Jane Affleck

Jane Affleck

Fiona Photo-Graphs

La série de trois « Fiona Photo-graphs » se compose de bandes de tirages photographiques numériques présentées sous forme de graphiques ; le papier sur lequel les photos sont montées a été enduit d’une peinture à l’aquarelle fabriquée à la main par l’artiste à partir d’argile d’hématite d’origine locale. Les « photo-graphes » sont accompagnés de divers descripteurs : des informations de base sur le contenu matériel de la photo figurent sur l’axe des y, une échelle de gravité est représentée sur l’axe des x (avec des néologismes faisant allusion au contenu en termes subjectifs), et une légende qui commence par des informations objectives avant d’évoluer vers des descriptions plus subjectives de l’environnement observé ou vécu. Les photos documentent certains des dégâts causés par l’ouragan Fiona à l’automne 2022 dans la zone intertidale de l’Île-du-Prince-Édouard/Epekwitk, qui fait partie de la région plus vaste du Mi’kma’ki, terres mi’kmaq non cédées. La juxtaposition de descriptions objectives et subjectives vise à démontrer l’impossibilité de séparer le soi de l’environnement, ainsi que l’impossibilité de rester pleinement objectif (c’est-à-dire que les scientifiques ont une réaction subjective face à des données objectives). De plus, les descriptions subjectives tentent de rendre compte de la difficulté à faire face aux sentiments de « solastalgie », un terme inventé par le philosophe Glenn Albrecht pour désigner un sentiment de chagrin et de perte provoqué par les changements environnementaux.

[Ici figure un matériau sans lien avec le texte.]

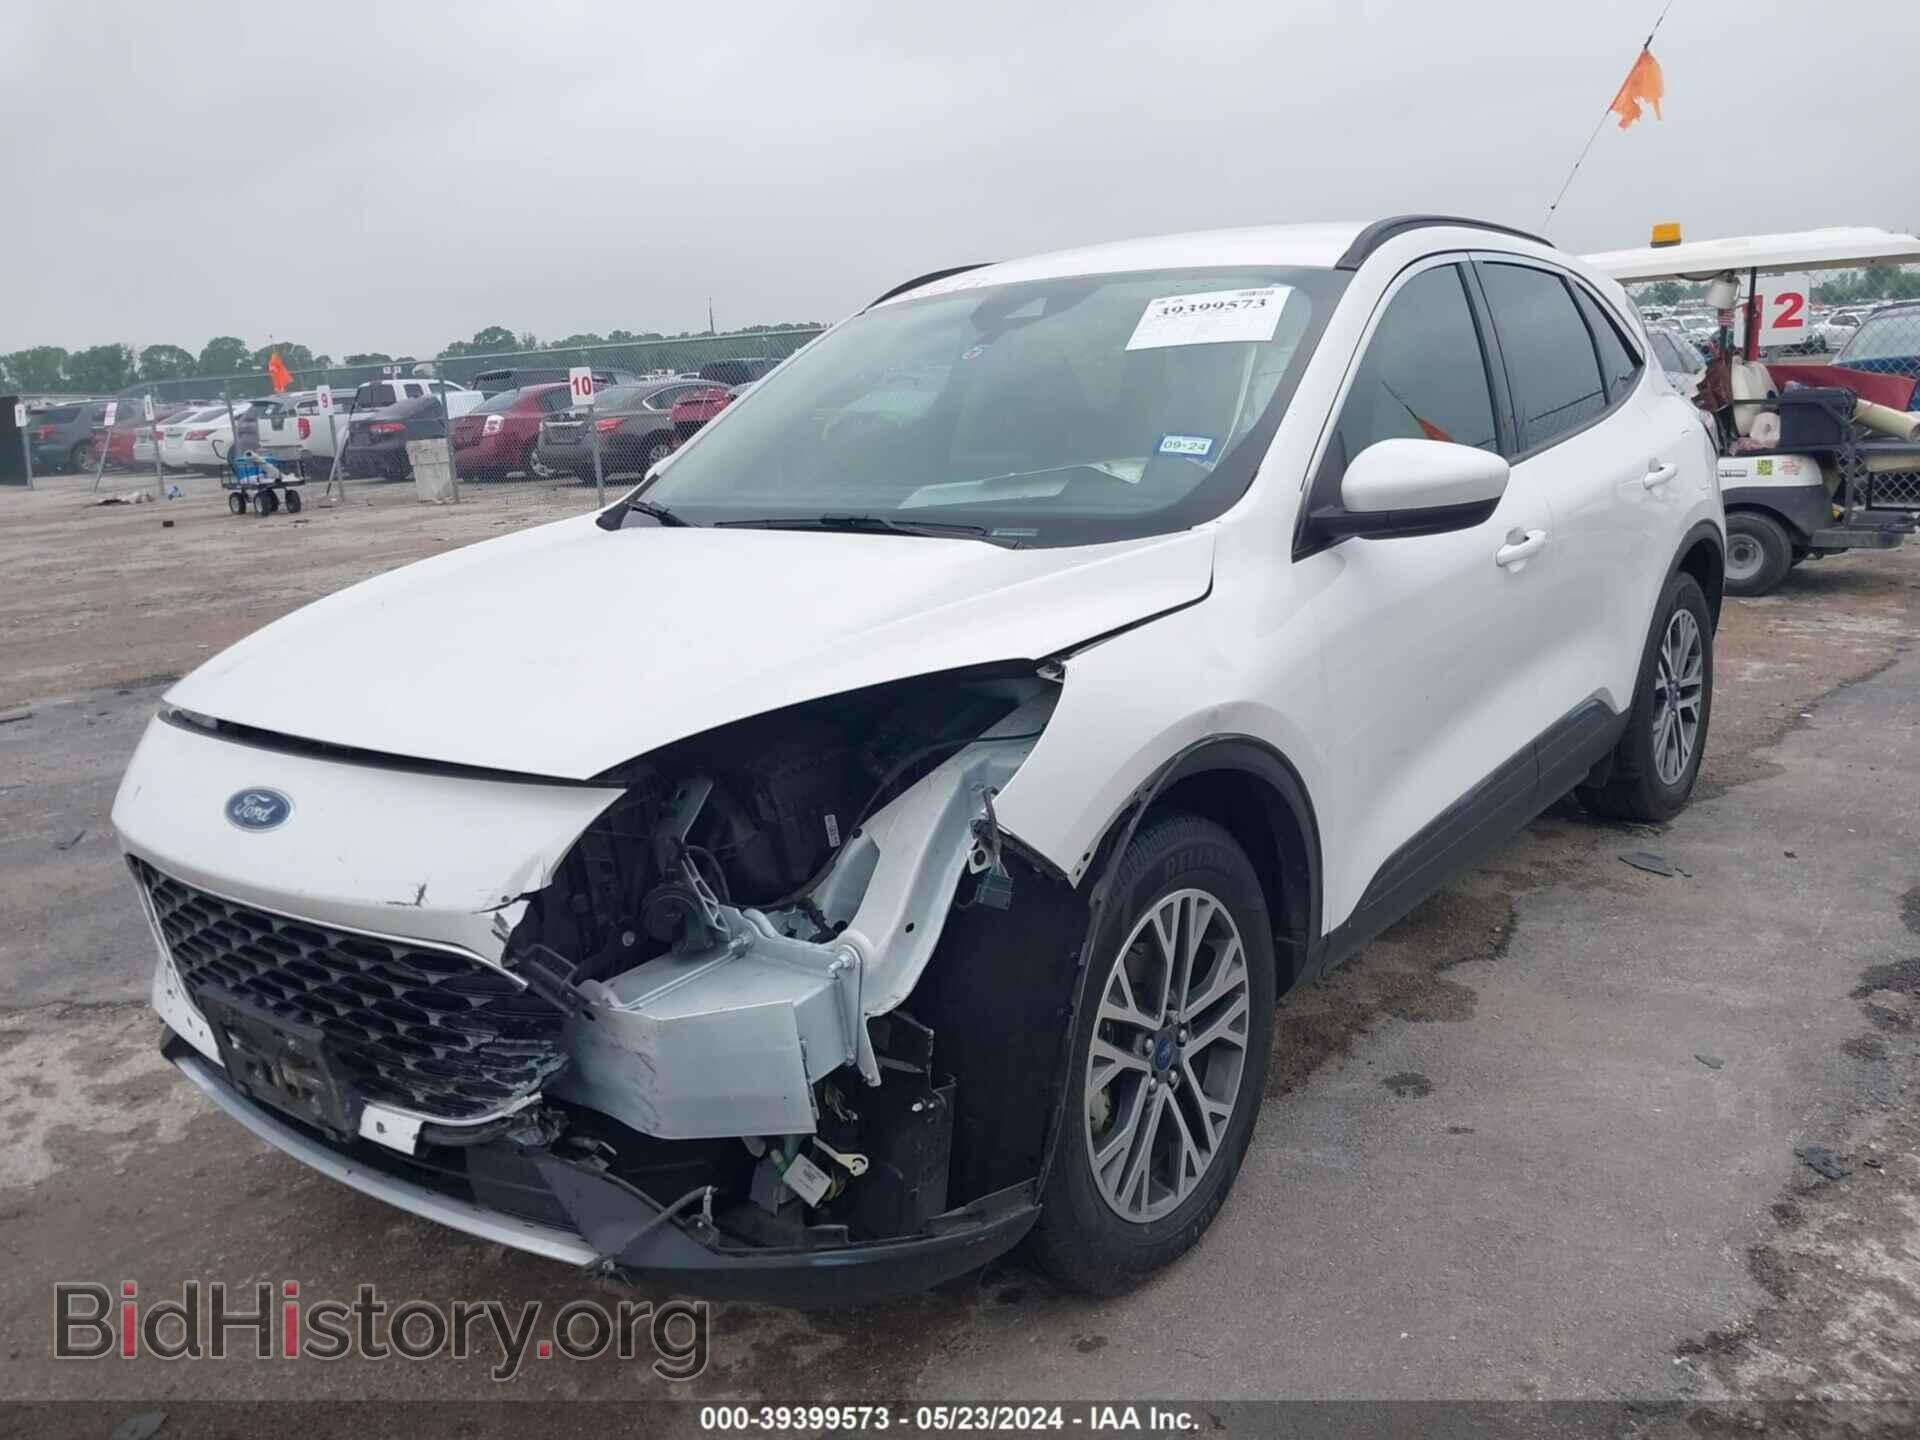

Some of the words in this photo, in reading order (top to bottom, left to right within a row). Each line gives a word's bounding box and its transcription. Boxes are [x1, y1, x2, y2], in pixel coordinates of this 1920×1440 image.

[1159, 298, 1267, 315] 39399573
[572, 376, 592, 396] 10
[320, 392, 329, 409] 9
[1163, 440, 1207, 451] 09-24
[234, 793, 277, 823] Ford

Ces descriptions peuvent peut-être aider les spectateurs qui ne vivent pas dans des régions côtières à mieux comprendre les impacts du changement climatique dans ces zones ; cependant, la combinaison d’informations objectives et subjectives pourrait s’avérer plus efficace que chacune d’elles prise isolément pour inciter les spectateurs à éprouver de l’empathie face à ce sentiment de perte et à réfléchir à la manière d’agir face au changement climatique. Titres : Fiona Photo 1 : Herbe, canard, rouille. Fiona Photo 2 : Schiste, varech, boue. Fiona, photo n° 3 : Littoral, sable, piquet.

À propos de l'artiste

Jane Affleck (elle/iel) est une écrivaine et artiste colonisatrice vivant sur l’Île-du-Prince-Édouard/Epekwitk, sur le territoire mi’kmaq non cédé. Depuis l’obtention de son doctorat en études culturelles en 2018, Jane a créé plusieurs séries d’œuvres d’art visuel qui impliquent une interaction multisensorielle incarnée avec/dans la zone intertidale ; elle a également écrit sur ce processus, notamment un essai pour la revue Féminismes sauvages. En 2020, Jane a collaboré avec la Coalition canadienne pour la culture maritime (COLC) en tant qu’artiste représentative de la région de l’Atlantique dans le cadre de leur étude intitulée « Comprendre la culture maritime au Canada ». Les résultats de cette étude sont disponibles sur le site web de la COLC ainsi que dans un numéro de la revue consacré à la culture maritime, intitulé Revue canadienne d'éducation à l'environnement (vol. 24(1), 2021). Les textes de Jane, parmi lesquels figurent des critiques d’art et de livres, des essais personnels et des poèmes, ont été publiés dans divers magazines et revues à travers Turtle Island/l’Amérique du Nord.